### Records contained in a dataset
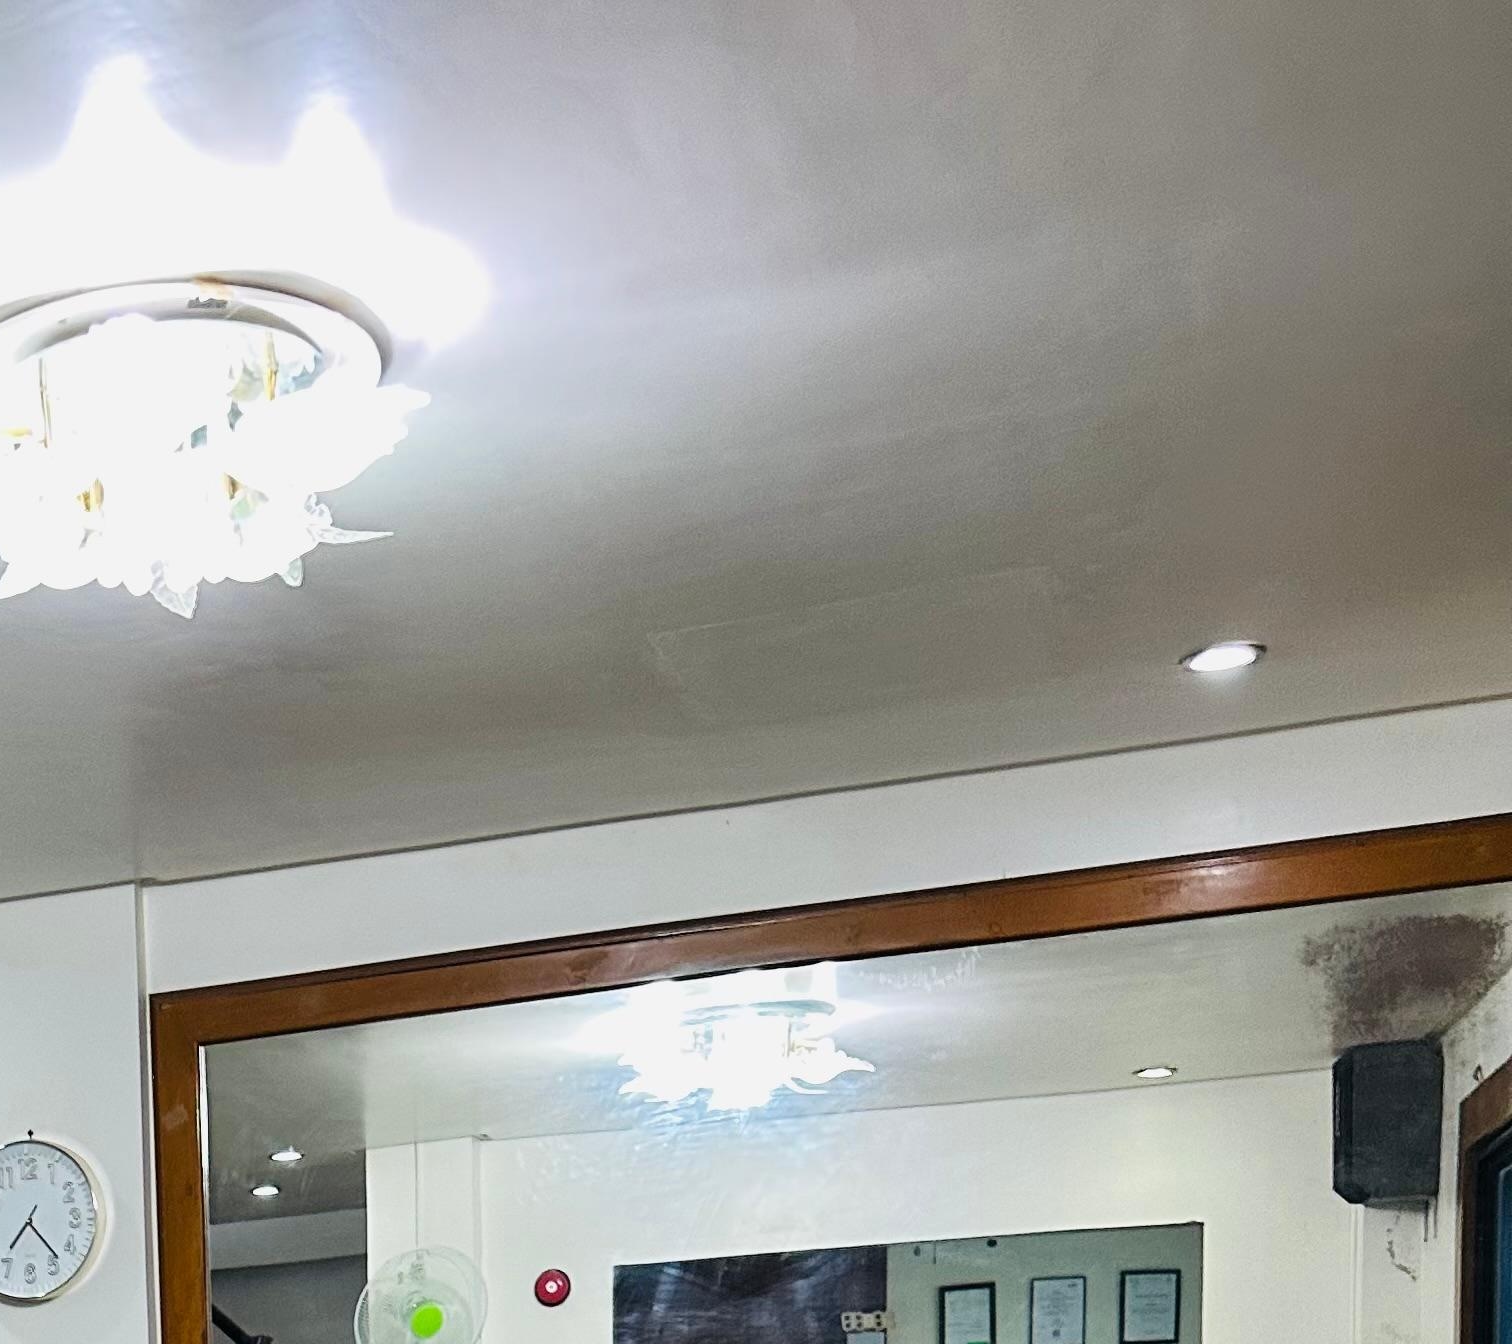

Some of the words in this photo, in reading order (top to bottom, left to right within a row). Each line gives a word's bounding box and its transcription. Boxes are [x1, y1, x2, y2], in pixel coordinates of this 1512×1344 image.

[18, 1157, 38, 1180] 12
[48, 1163, 55, 1185] 1
[62, 1181, 75, 1203] 2
[68, 1207, 81, 1229] 3
[63, 1233, 76, 1255] 4
[0, 1257, 14, 1279] 7
[23, 1262, 37, 1285] 6
[47, 1254, 60, 1276] 5

### Task directions
The preceding entries should be duplicated word for word; no picture belongs in the copy.

### Solution
Some of the words in this photo, in reading order (top to bottom, left to right within a row). Each line gives a word's bounding box and its transcription. Boxes are [x1, y1, x2, y2], in pixel coordinates of this 1512×1344 image.

[18, 1157, 38, 1180] 12
[48, 1163, 55, 1185] 1
[62, 1181, 75, 1203] 2
[68, 1207, 81, 1229] 3
[63, 1233, 76, 1255] 4
[0, 1257, 14, 1279] 7
[23, 1262, 37, 1285] 6
[47, 1254, 60, 1276] 5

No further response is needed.